RECORDS SUPPLIED below:
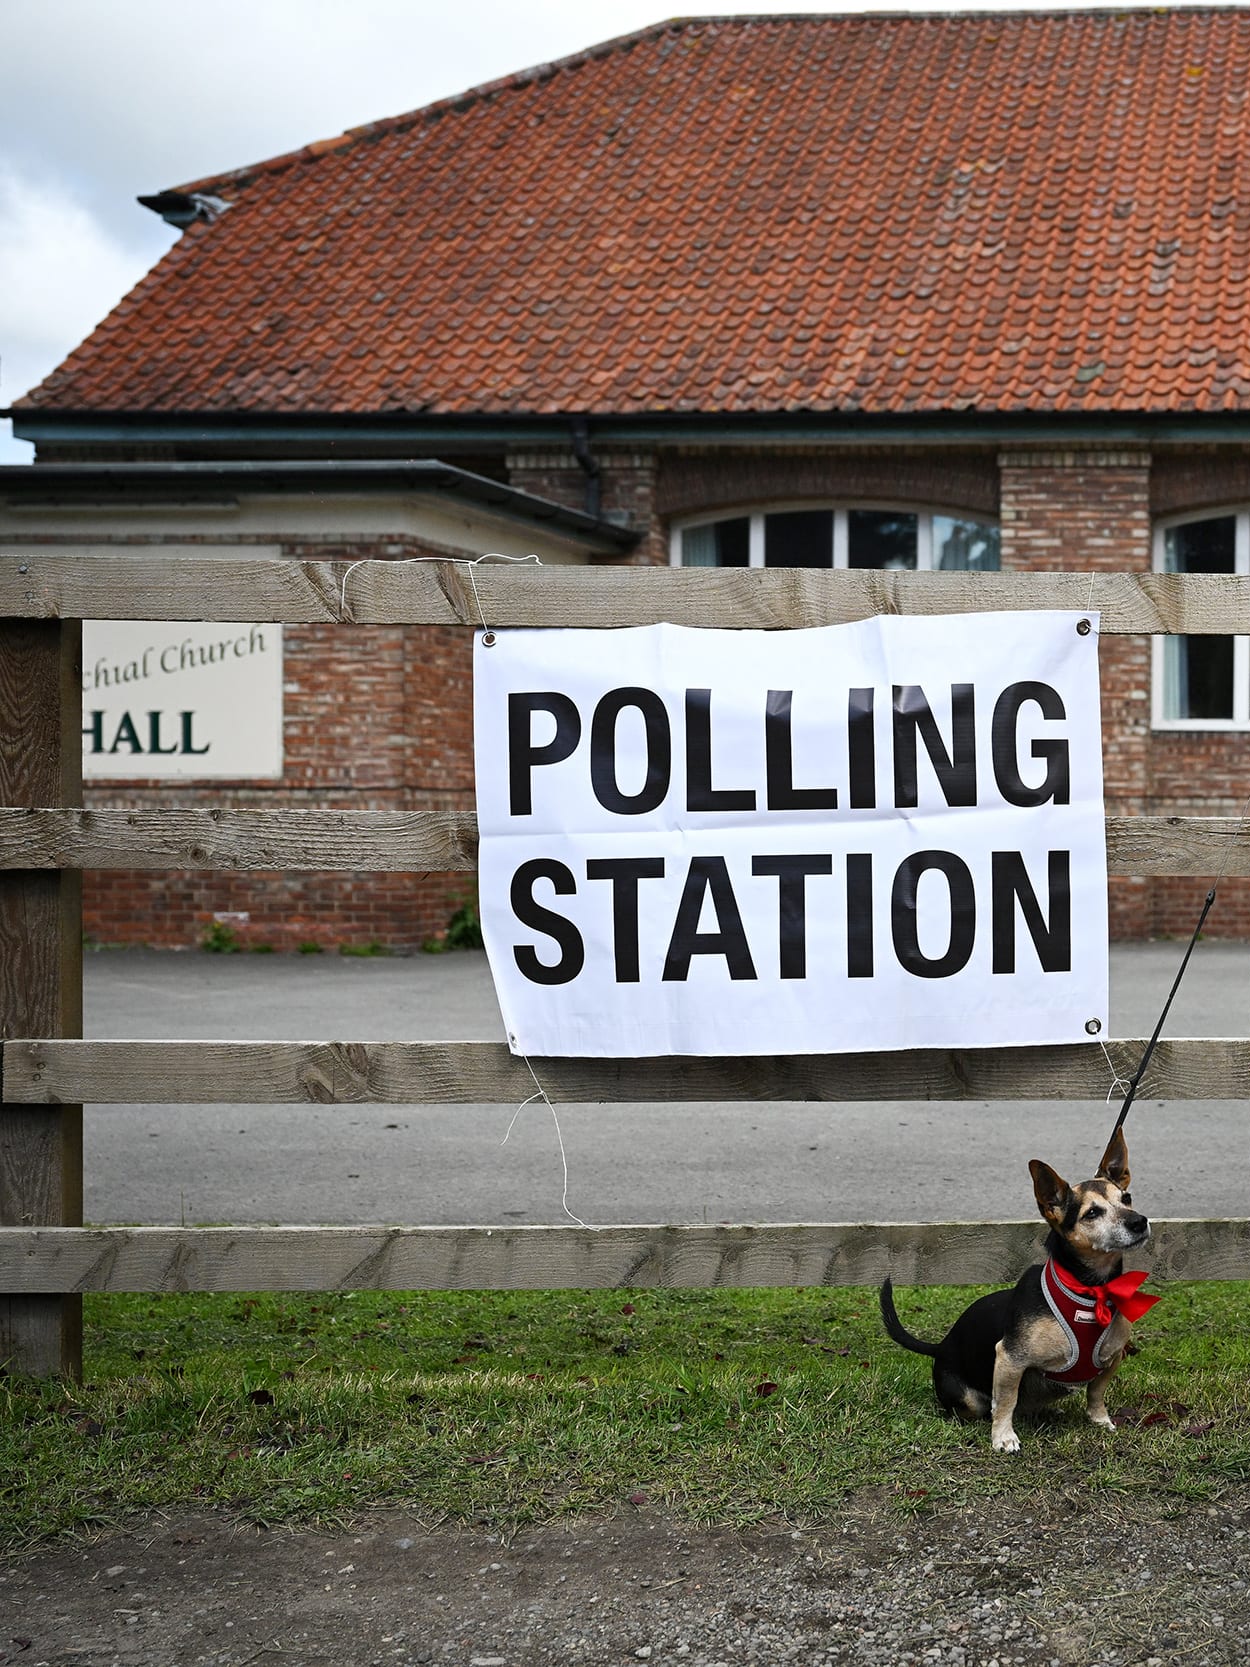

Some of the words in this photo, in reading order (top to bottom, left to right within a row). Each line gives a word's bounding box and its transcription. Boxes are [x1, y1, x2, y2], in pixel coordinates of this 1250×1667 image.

[160, 624, 267, 674] Church
[83, 710, 210, 755] HALL
[508, 681, 1071, 816] POLLING
[510, 849, 1072, 985] STATION
End of RECORDS SUPPLIED.
• INSTRUCTIONS FOR THE TASK
The records above are to be retyped exactly, with every picture left out.

• EXERCISE ANSWER
Some of the words in this photo, in reading order (top to bottom, left to right within a row). Each line gives a word's bounding box and its transcription. Boxes are [x1, y1, x2, y2], in pixel coordinates of this 1250×1667 image.

[160, 624, 267, 674] Church
[83, 710, 210, 755] HALL
[508, 681, 1071, 816] POLLING
[510, 849, 1072, 985] STATION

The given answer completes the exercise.